[Saved entries]

BEGIN

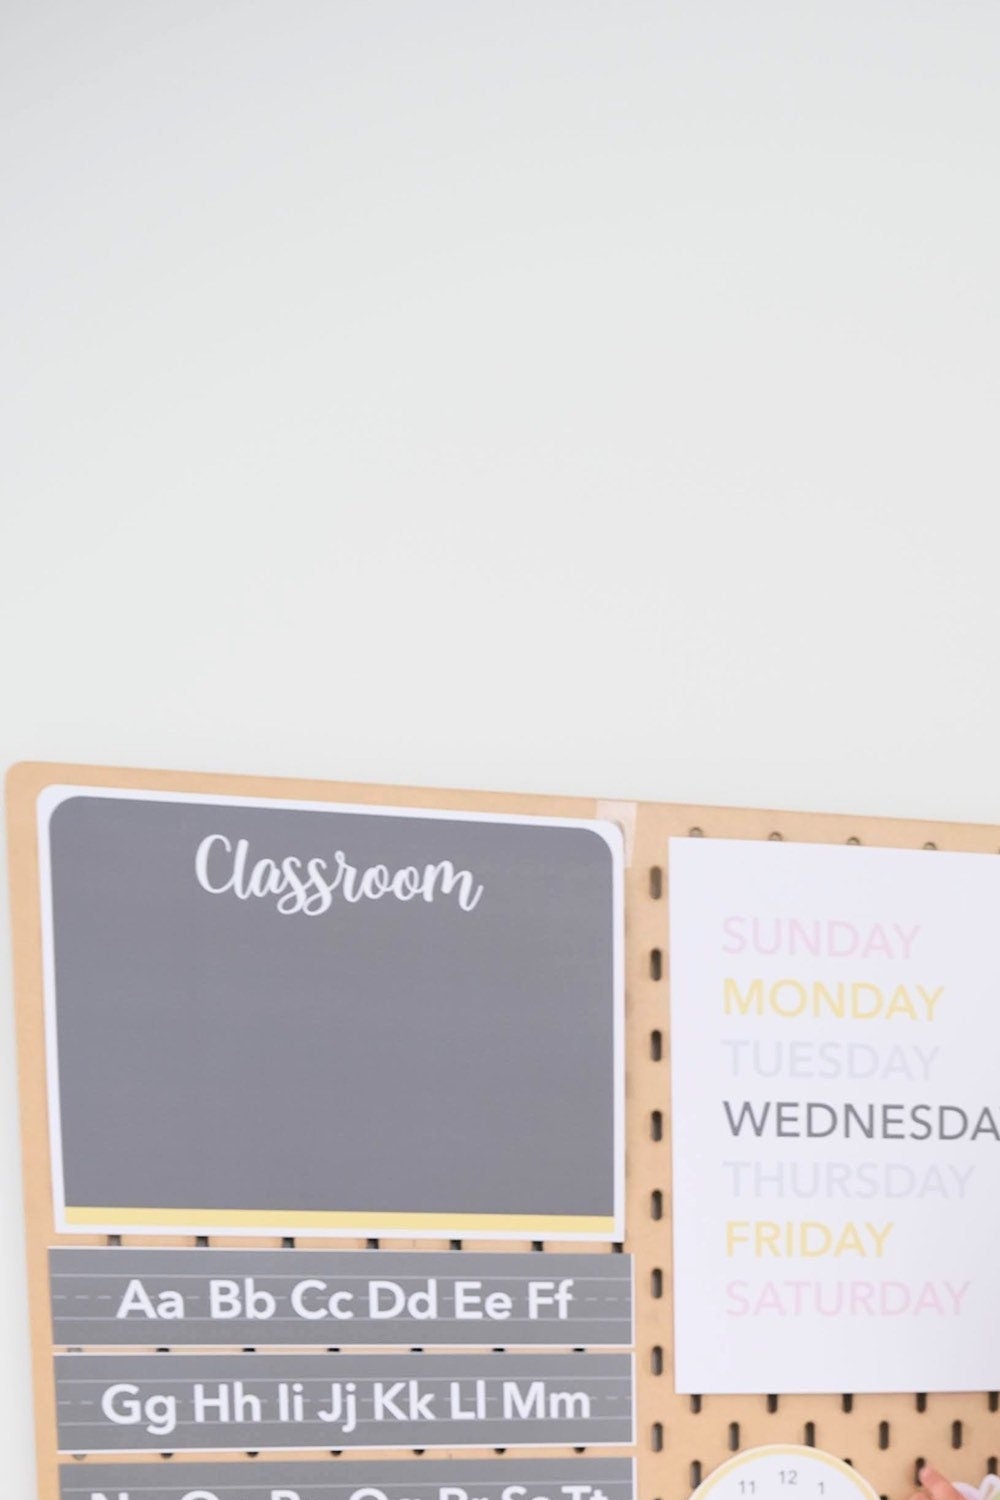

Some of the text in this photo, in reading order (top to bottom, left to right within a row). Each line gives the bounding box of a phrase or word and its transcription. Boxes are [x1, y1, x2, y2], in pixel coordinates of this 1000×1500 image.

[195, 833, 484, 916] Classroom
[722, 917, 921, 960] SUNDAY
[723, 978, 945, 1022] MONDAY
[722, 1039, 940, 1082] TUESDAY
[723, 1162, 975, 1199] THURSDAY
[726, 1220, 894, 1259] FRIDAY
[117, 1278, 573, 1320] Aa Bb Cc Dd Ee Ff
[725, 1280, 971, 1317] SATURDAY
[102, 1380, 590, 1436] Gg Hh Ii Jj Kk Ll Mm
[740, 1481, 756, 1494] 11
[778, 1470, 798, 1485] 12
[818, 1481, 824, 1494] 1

END

Task to complete:
Repeat the records above exactly, omitting every picture.

Task response:
Some of the text in this photo, in reading order (top to bottom, left to right within a row). Each line gives the bounding box of a phrase or word and its transcription. Boxes are [x1, y1, x2, y2], in pixel coordinates of this 1000×1500 image.

[195, 833, 484, 916] Classroom
[722, 917, 921, 960] SUNDAY
[723, 978, 945, 1022] MONDAY
[722, 1039, 940, 1082] TUESDAY
[723, 1162, 975, 1199] THURSDAY
[726, 1220, 894, 1259] FRIDAY
[117, 1278, 573, 1320] Aa Bb Cc Dd Ee Ff
[725, 1280, 971, 1317] SATURDAY
[102, 1380, 590, 1436] Gg Hh Ii Jj Kk Ll Mm
[740, 1481, 756, 1494] 11
[778, 1470, 798, 1485] 12
[818, 1481, 824, 1494] 1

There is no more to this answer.